For Jacques Heim, artistic director of Diavolo, diversity is important to the balance of a dance company

Luke-Behaunek

Jacques Heim’s decision to study dance was not motivated, as one might suspect, by inherent litheness or a natural sense of rhythm. The Paris native, in fact, originally dreamed of becoming an actor when he entered the U.S. in 1983 to attend college.   Unfortunately, Heim’s heavy accent thwarted his attempts as a transplanted thespian. As fate would have it, that very same accent assisted him in discovering his true calling.

“My English was so bad nobody could understand me,” Heim recalls. “I had some friends in the dance department [at Vermont’s Middlebury College] who asked me to join them. They said, ‘At least you don’t have to speak.’ That’s how I ended up in the dance world.”

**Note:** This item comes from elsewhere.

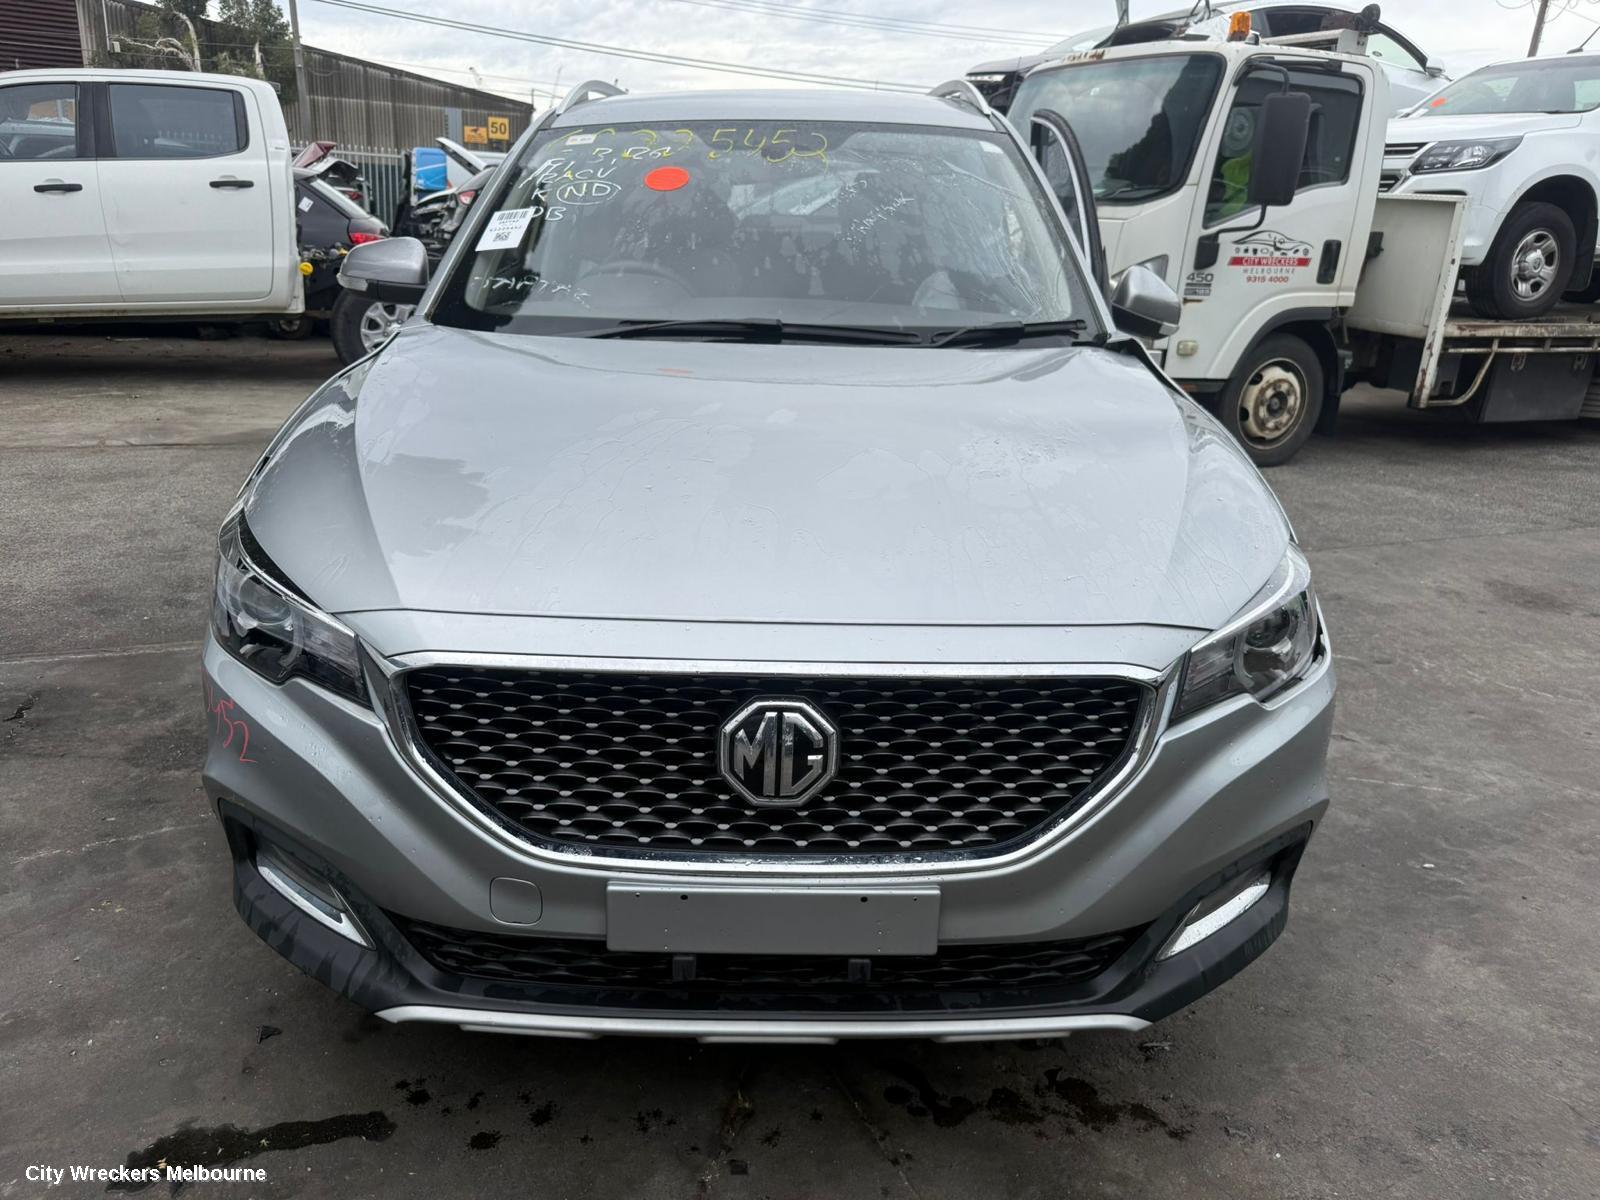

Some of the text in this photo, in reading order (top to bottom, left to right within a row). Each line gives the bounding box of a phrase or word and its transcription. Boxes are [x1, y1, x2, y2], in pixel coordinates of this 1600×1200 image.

[490, 121, 507, 135] 50
[1242, 257, 1298, 266] CITY WRECKERS
[1186, 272, 1214, 283] 450
[733, 711, 824, 797] MG

Today, Heim is the artistic director of Los Angeles-based dance company Diavolo, which he also founded. The mission of the troupe is to employ dance to explore the complex relationships between people and their physical surroundings. Indeed, architectural structures are the central inspiration for each of Diavolo’s works. This unconventional blending of dance and design are the result of Heim’s long-held passions.

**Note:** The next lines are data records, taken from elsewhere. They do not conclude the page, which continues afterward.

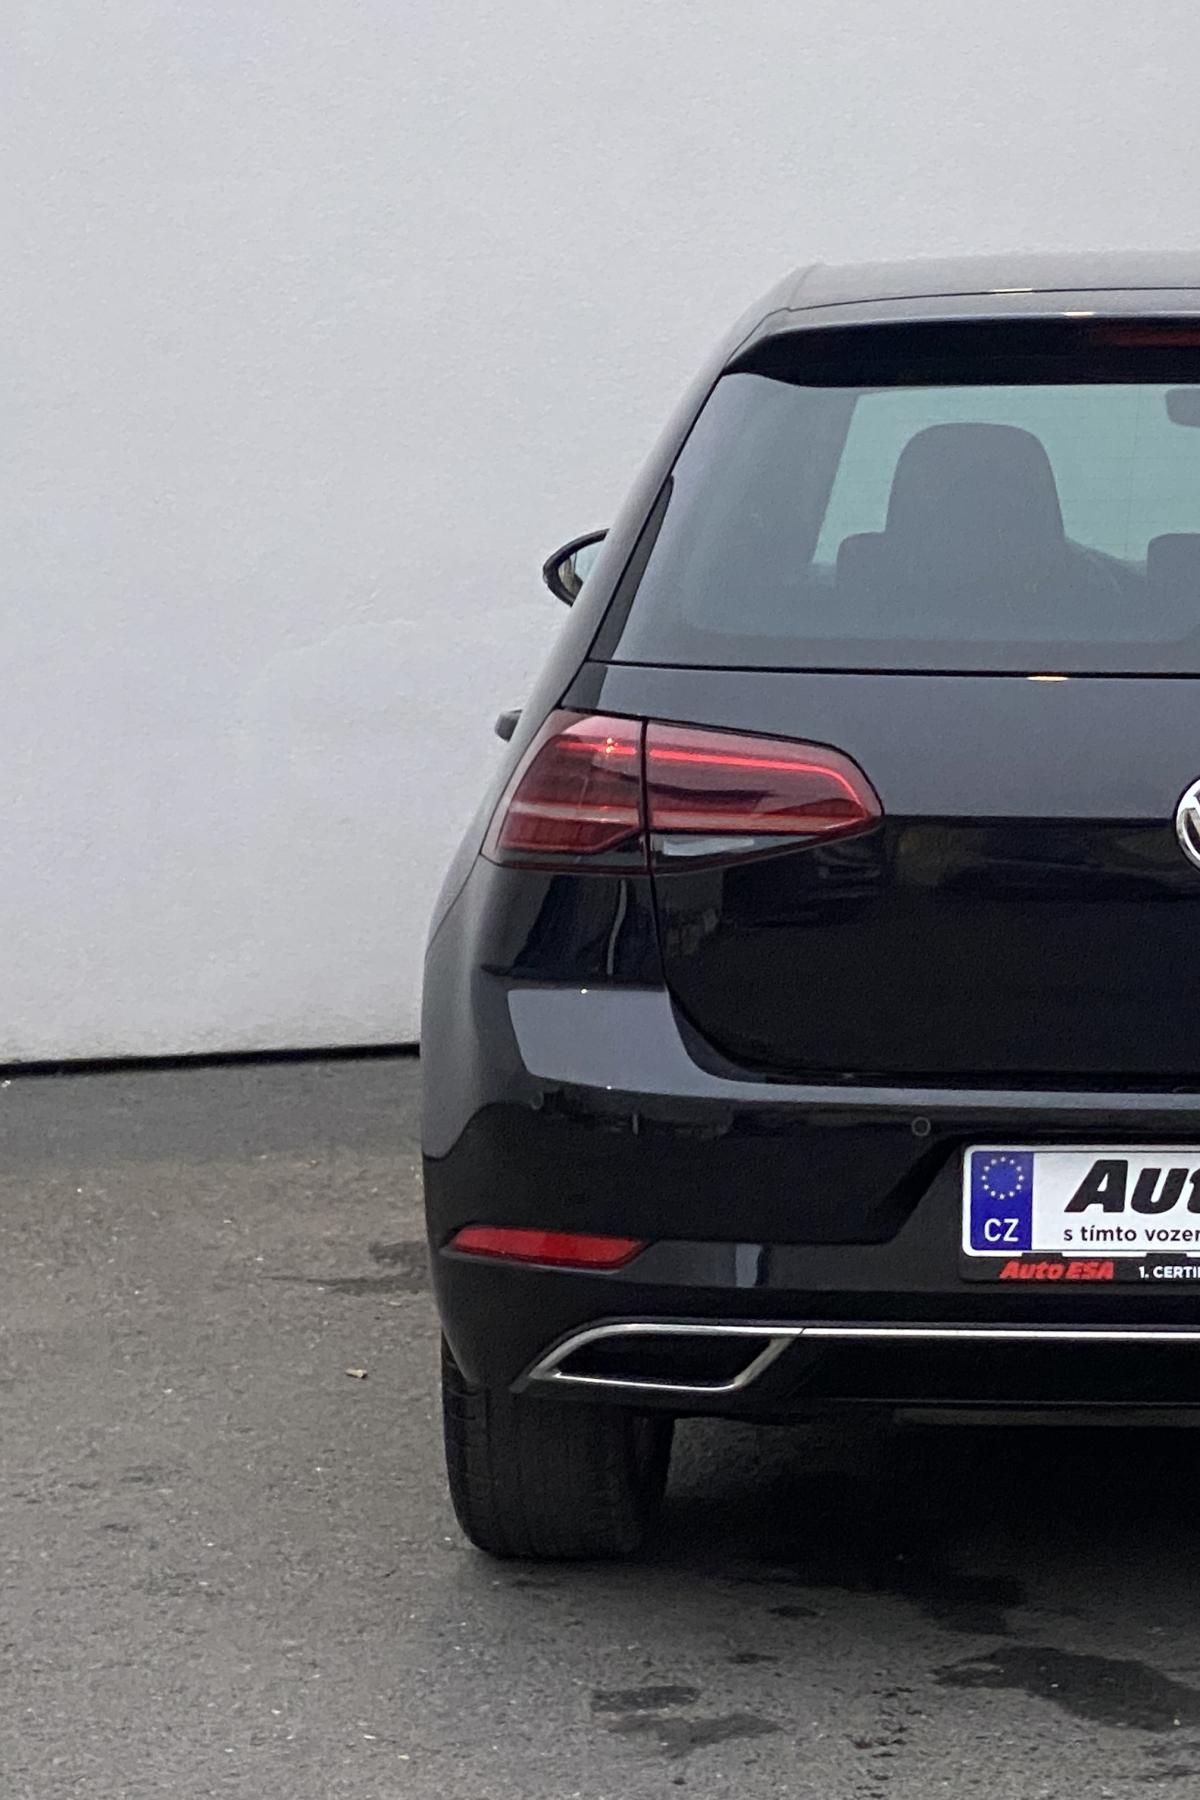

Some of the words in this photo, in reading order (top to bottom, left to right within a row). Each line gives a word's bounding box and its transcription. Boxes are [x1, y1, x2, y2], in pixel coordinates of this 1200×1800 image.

[983, 1218, 1019, 1242] CZ
[1063, 1228, 1073, 1243] s
[1080, 1224, 1137, 1243] tímto
[1000, 1261, 1062, 1280] Auto
[1064, 1262, 1114, 1280] ESA
[1138, 1267, 1150, 1279] 1.

“I was this person who loved the arts,” Heim says. “I love design, and I have a love and affinity for architecture. I fell in love with movement, which is a universal language. You don’t need to understand it to enjoy it. [With Diavolo], I decided to mix my love for architecture and love for movement.”

Diavolo returns to North Texas March 10–11 for the Dallas premiere of L.O.S.T., an acronym for the title Losing One’s Self Temporarily. The piece unfolds in two parts: Cubicle and Passengers. The first is an examination of the American corporate workplace; the second is a transformative train journey.

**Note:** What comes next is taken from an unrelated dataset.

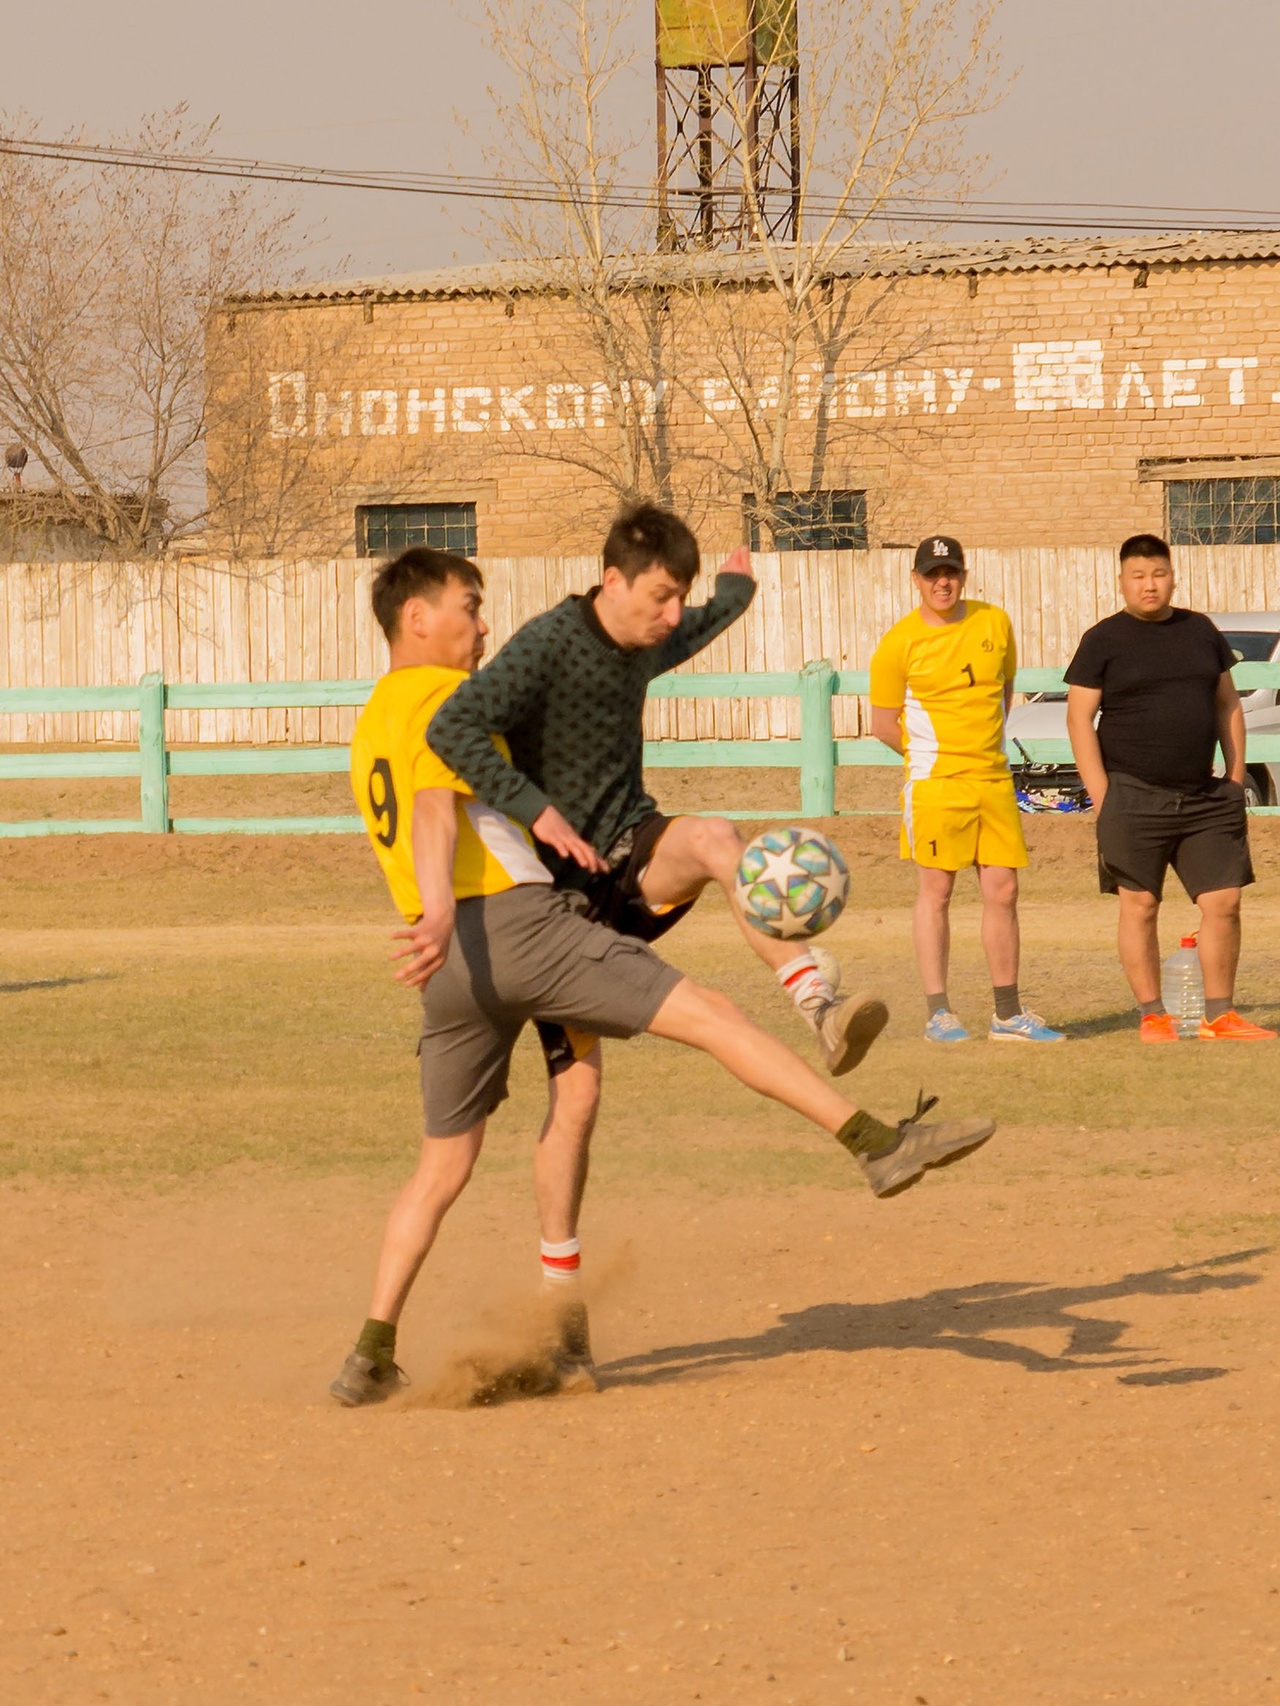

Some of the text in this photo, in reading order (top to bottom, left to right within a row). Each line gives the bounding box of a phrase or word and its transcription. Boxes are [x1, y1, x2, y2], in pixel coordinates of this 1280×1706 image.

[932, 539, 949, 556] LA
[960, 663, 976, 688] 1
[369, 758, 397, 848] 9
[928, 839, 937, 857] 1

Heim suggests that, given today’s political landscape, works that explore themes of freedom, unrest, oppression and hope are more significant now than when they were first created. They also serve to showcase the athletic abilities and tremendous physical endurance of the show’s five female and five male dancers. The show is so rigorous for its dancers that Heim requires a 25-minute intermission between parts.

“Those two pieces are physically demanding,” Heim says. “I know you would imagine that every dance such as ballet and traditional modern [dance] is physical, but the work of Diavolo is on a different level of physicality. The 10 members of Diavolo go at it for 35 minutes [at a time] nonstop.”

Heim aims for diversity among Diavolo’s dancers, an equilibrium he sees as a key to the company’s enduring success. He’s found that if dance companies lacking variety in gender, ethnicity and sexual identities can result in imbalance. As an example, Heim recalls a time during the company’s formative years when he noticed that all of his dancers, both male and female, happened to be heterosexual. It was an issue he soon corrected.

“The day I had diversity, it was the perfect balance,” Heim says. “It became this beautiful balanced company. The more diverse you are, the more balanced your community becomes. If suddenly I realize I don’t have diversity, I stop everything. I go after diversity.”

While visiting Dallas, Heim will hold auditions for dancers who wish to join Diavolo. Those lucky enough to get offers are required to commit for a minimum of two years. Heim says that Dallas has proven in the past to be a fertile ground for recruiting new performers. He also feels that Dallas has become an important arts center in which he would today consider residing.

“Dallas, it seems to me, has changed a lot in the last 10 to 15 years,” Heim says. “The theater district and the city [have grown]. It’s become a really great city. That was my impression when I came in a couple of years ago. I thought I could live there.”

Dallas, of course, would be lucky to have Heim — accent and all.            

— Scott Huffman

This article appeared in the Dallas Voice print edition MARCH 3, 2017.